One of the most helpful things we can do for garden birds is to provide food. The removal of trees and hedgerows and increased building in the countryside have had an impact on natural food sources for birds in the UK, and this is most noticeable in winter. The start of colder weather is also when our native birds need to start fattening up in order to survive freezing temperatures. Increasingly, our help is required for birds to get the sustenance they need to survive.

Different birds have different needs, so if possible identify the species visiting the garden and cater appropriately. However, there are many foods that will suit a variety of birds. It is possible to get specialist bird feeders, but don't feel that they are required - you can provide a great range of food using the natural garden environment or home-made feeders. Some food can be scattered on the grass or earth, which is perfect for ground-feeding birds. Try sprinkling some under shrubs for the more secretive birds. However, be aware that any leftover food may attract rats or mice, so try to supply only what you know can be eaten in a day or clean up regularly. If you do have bird tables or feeders, then it is a good idea to regularly move them so any predators don't become too familiar with the location of their prey.

Dawn and dusk are the key times for food to be available. It is thought this is due to birds wanting to replenish energy reserves lost during the night or to top up to last until morning. Once you have established a regular supply of food for local birds, it is important to keep this up. They will come to rely on your contributions, and a sudden withdrawal may threaten their survival.

There is a wide range of food suitable to put out and, provided they frequent the local area, you may have visits from birds you don't usually see. 

Seed Mixes

These are nutrient-rich and you can buy them for wild birds in general or specific species. Sunflower seeds are rich in protein and unsaturated fats. Whilst they are good, for a more natural foraging experience it is wise to provide them crushed in winter for maximum benefit. Niger seeds are rich in fat and particularly good for finches, but they are very small so it is wise to incorporate them in a home-made fat ball or buy a specialist feeder.

Animal Fat

Fat balls (or bars) are an excellent winter food for garden birds (don't use in warmer weather, as they could melt and go off). If they come in nets or with hooks, then ensure you remove these before putting them out, as they could be harmful if a bird gets caught in them. It is even possible to make your own by melting down some fat (normally suet or lard) and mixing with ingredients such as seeds, nuts, oats, dried fruit or cheese. Put it in a container, such as an old plastic yogurt pot or even an empty coconut shell, and allow it to set. This could be put out as it is or turned out on to a bird table when solid. Fat balls are perfect for birds such as tits, starlings or woodpeckers.


Live mealworms are full of protein and moisture and are an ideal food for robins and thrushes. Alternatively, dried mealworms can be soaked before putting out to ensure they also provide some moisture. Avoid discoloured mealworms, which can carry diseases.

Kitchen Leftovers

Lots of scraps you may have in your kitchen are suitable for garden birds. Unsalted bacon rind, uncooked oats, unsalted but cooked rice and soaked dried fruit (though ensure it is naturally dried, sweetened and preserved) are all ideal. Don't give fat from cooked meats because it can coat their feathers. Unsalted peanuts are perfect, and they can be put out whole in winter as there are no fledglings who could choke, or alternatively they can be crushed or put in a specialist feeder. For ground-feeding birds finely grated mild cheese can be scattered on the grass or under shrubs. Windfall or wrinkled fruit such as apples, pears and plums are ideal for thrushes or waxwings. Just halve them and leave on a bird table or the ground. Milk should never be given to birds, as they cannot digest it.


A fresh coconut, drained and halved, can be hung up for tits. After it has been eaten, the empty shell can even be used for a home-made fat ball. Never put out dessicated coconut, as it can make birds ill by swelling in their stomachs.
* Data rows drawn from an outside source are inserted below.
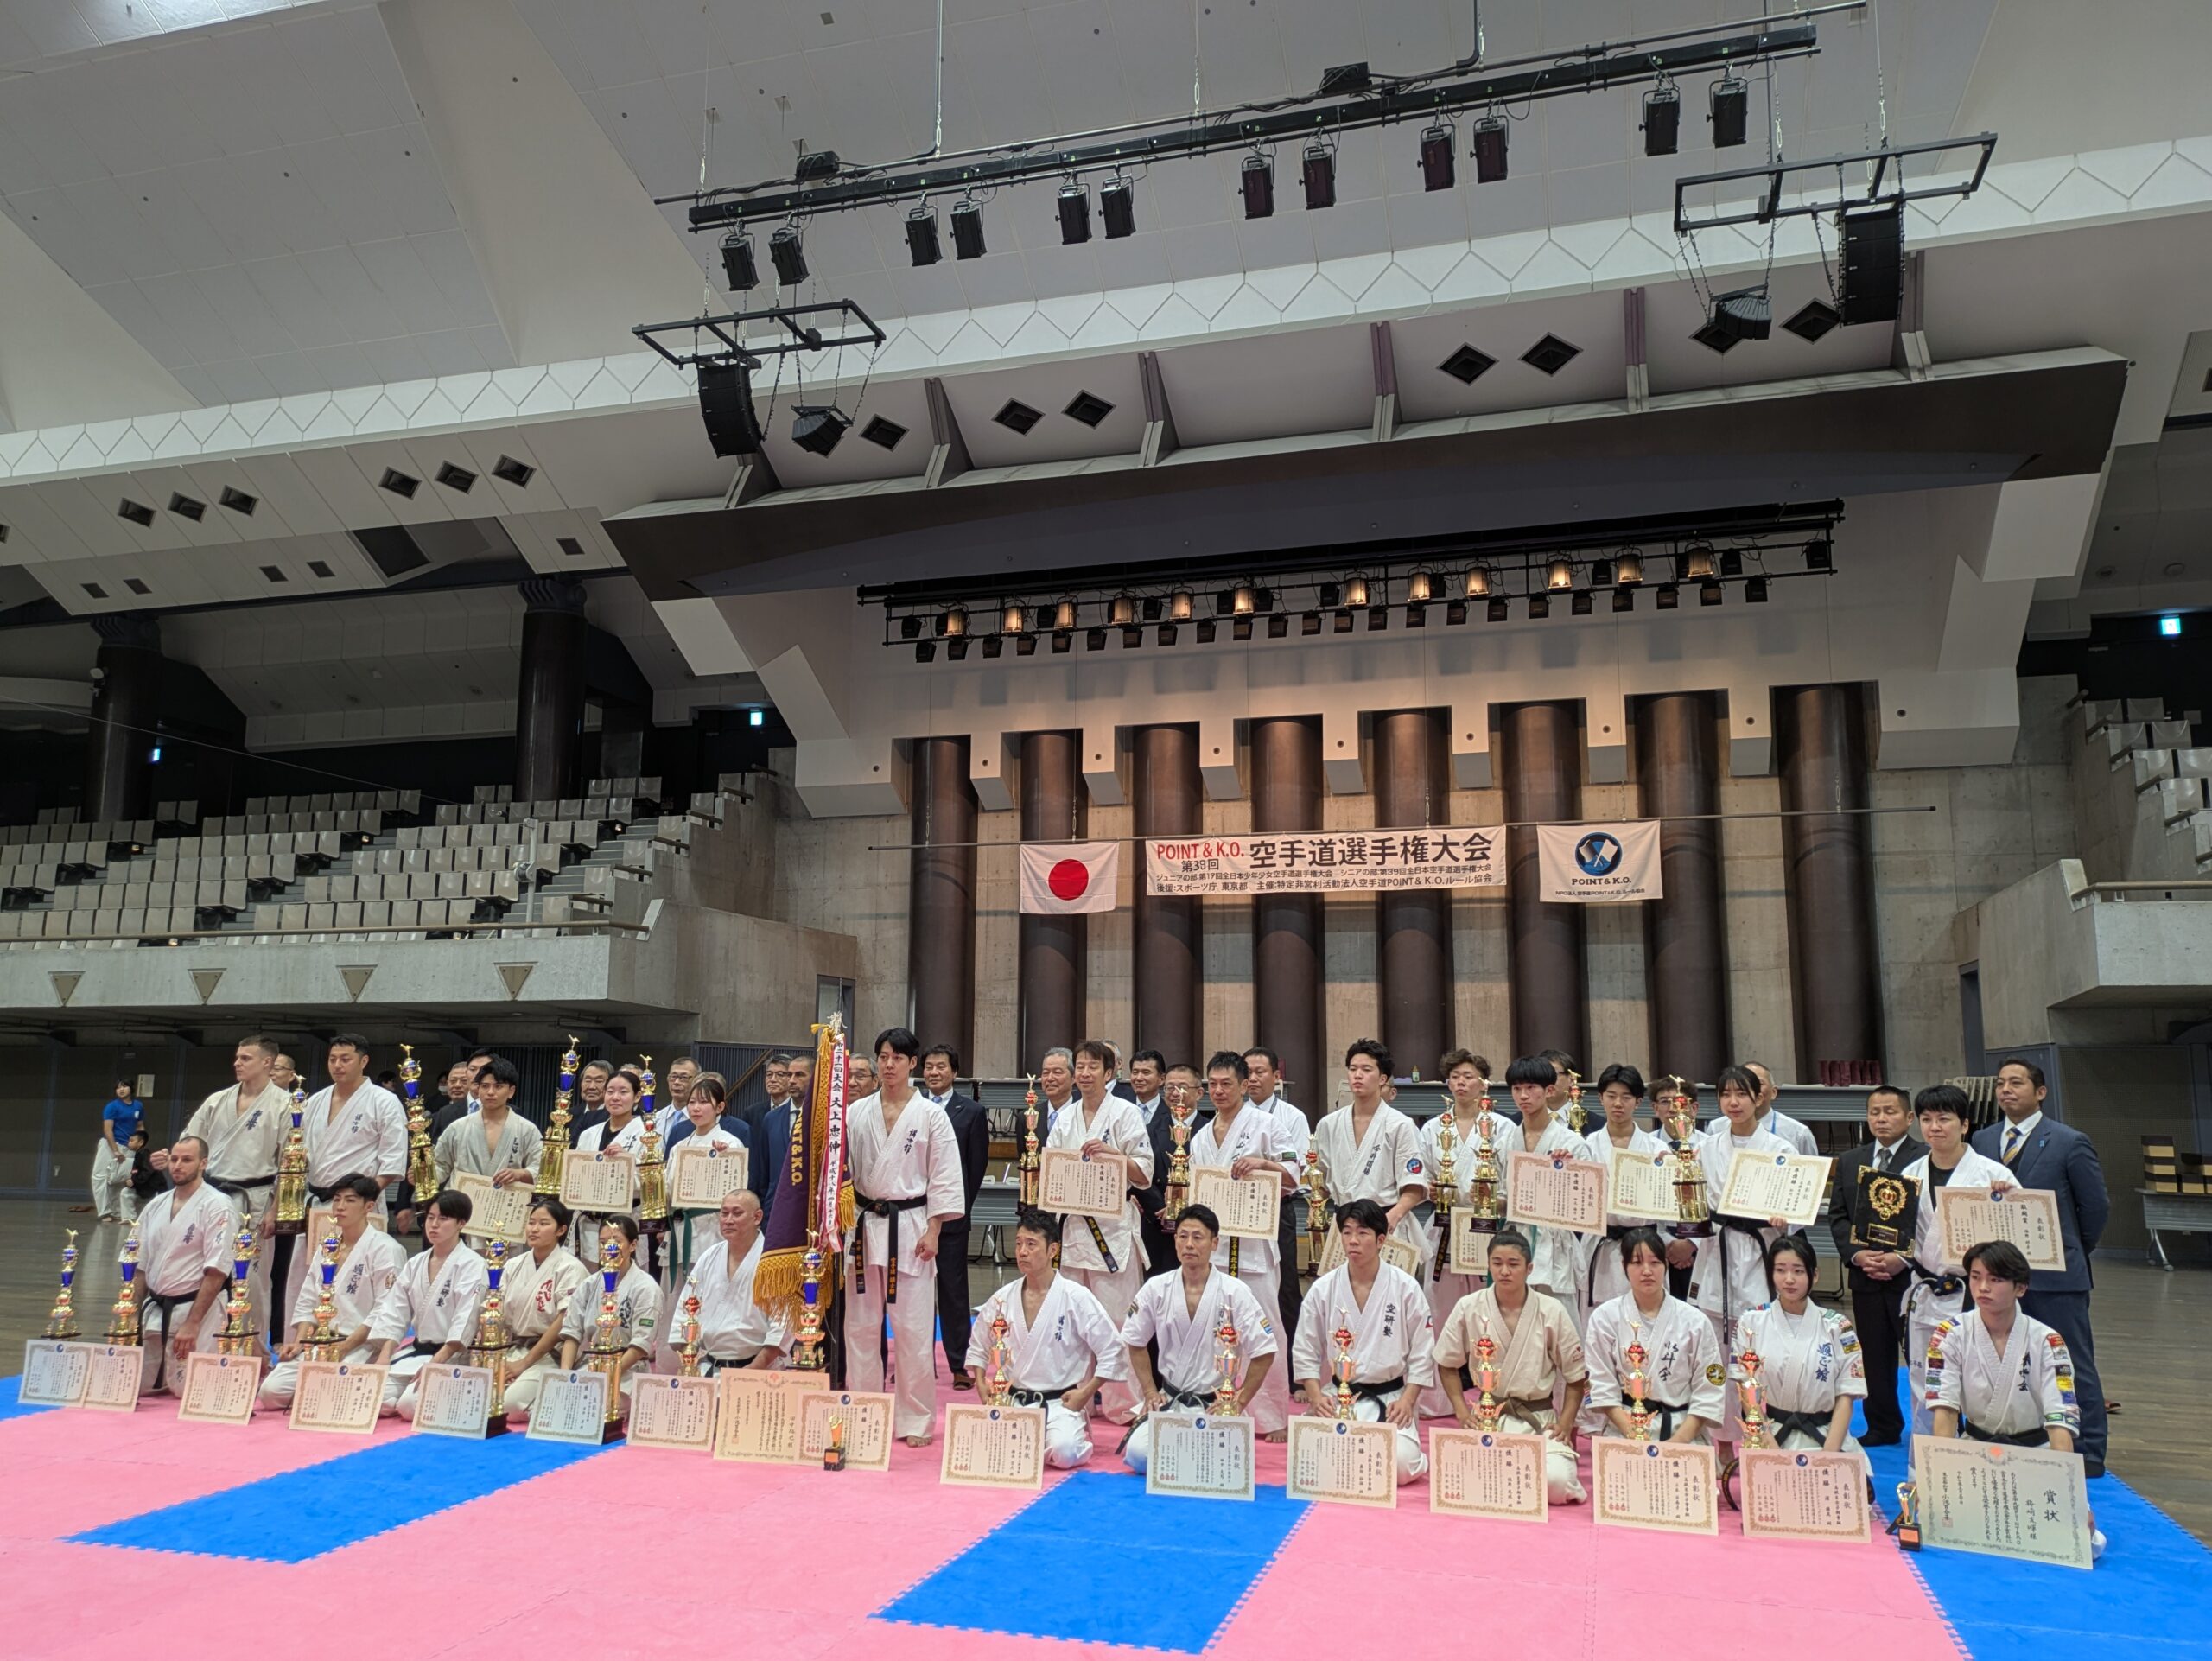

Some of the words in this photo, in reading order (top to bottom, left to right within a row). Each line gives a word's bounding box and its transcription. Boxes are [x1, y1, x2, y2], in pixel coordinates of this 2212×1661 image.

[1157, 843, 1199, 860] POINT
[1202, 842, 1213, 858] &
[1217, 841, 1244, 857] K.O.
[1249, 832, 1492, 869] 空手道選手権大会
[1181, 858, 1219, 873] 第39回
[1221, 881, 1249, 891] 東京都
[791, 1144, 803, 1155] &
[791, 1157, 803, 1186] K.O.
[1383, 1303, 1395, 1337] 空研塾
[2043, 1488, 2060, 1522] 賞状
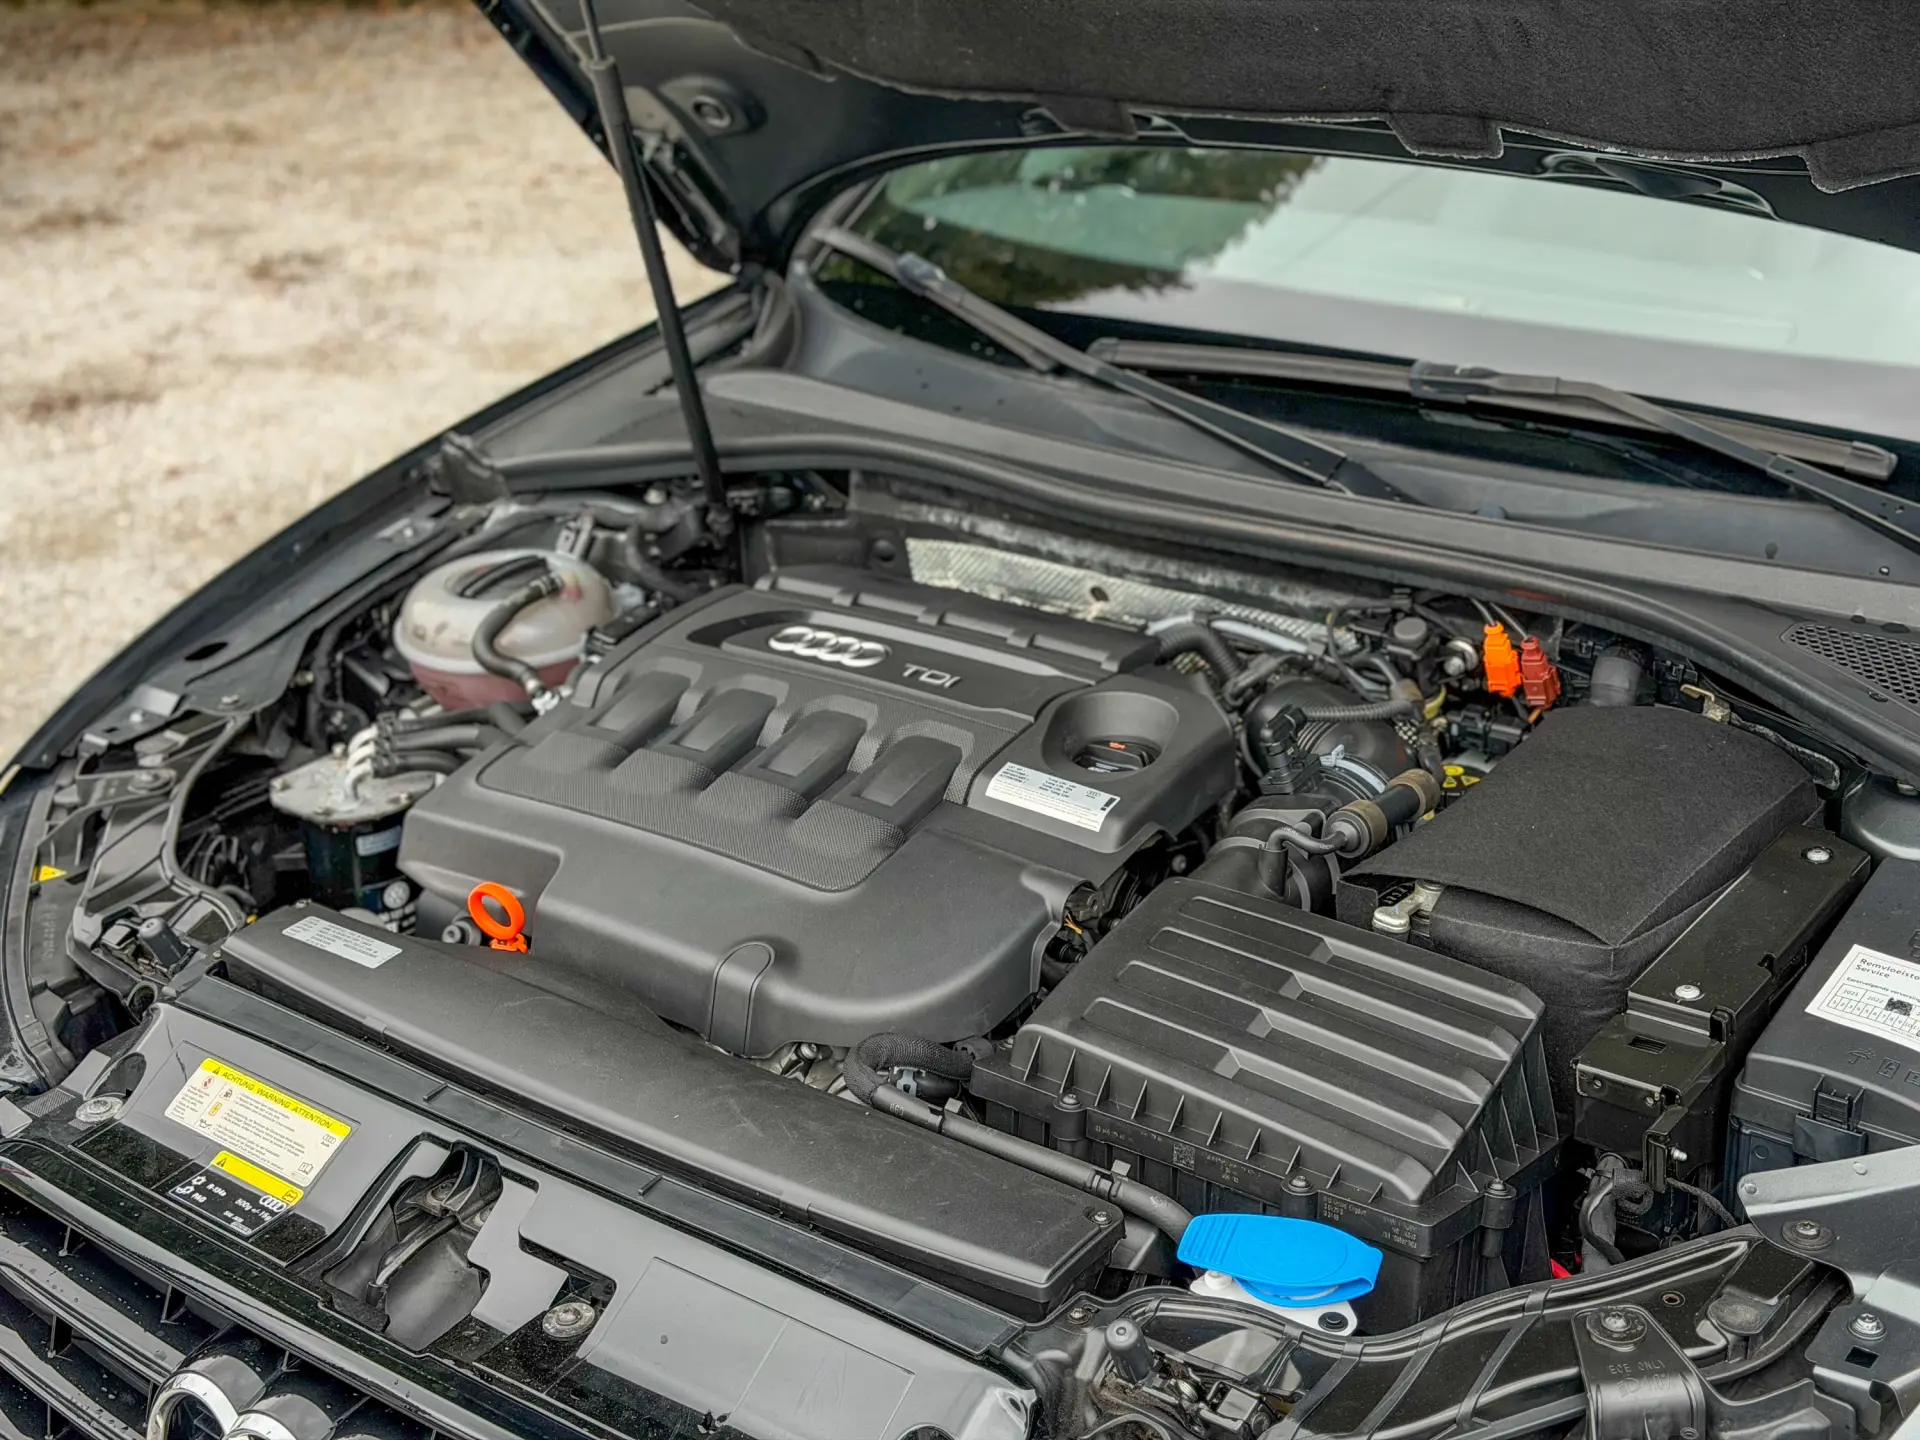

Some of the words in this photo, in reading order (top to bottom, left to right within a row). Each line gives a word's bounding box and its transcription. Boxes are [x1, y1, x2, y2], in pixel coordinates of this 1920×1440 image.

As important as the food being supplied is a source of fresh water. When it gets very cold, birds may find their usual water sources have frozen. Water is vital for both drinking and cleaning. A small ball floating in a pond or bird bath can prevent ice from forming. Never put antifreeze in the water, but it is possible to obtain bird-friendly disinfectants to prevent diseases from spreading. Alternatively, regularly replenish a shallow dish with fresh water.

All of the above will encourage birds to visit your garden, but with these increased numbers there is also a risk of diseases being spread. It is vitally important to keep the area clean. Ensure bird tables and feeders are regularly washed with hot soapy water and then rinsed; sweep away droppings and clean away mouldy or extra food.

In addition to all these tips, it is also worth remembering that birds need a wide range of natural proteins and vitamins which cannot be entirely provided by the supplementary food we can offer. Well-managed and appropriate shrubs, flowerbeds and lawns will provide a range of natural foods for our garden visitors. Holly and ivy are perfect choices, as they produce their berries in winter. Plants that attract insects will indirectly provide food for the birds.

Following just a few of these suggestions should provide local birds with the help they need to survive through winter and allow you to enjoy watching a beautiful array of wildlife.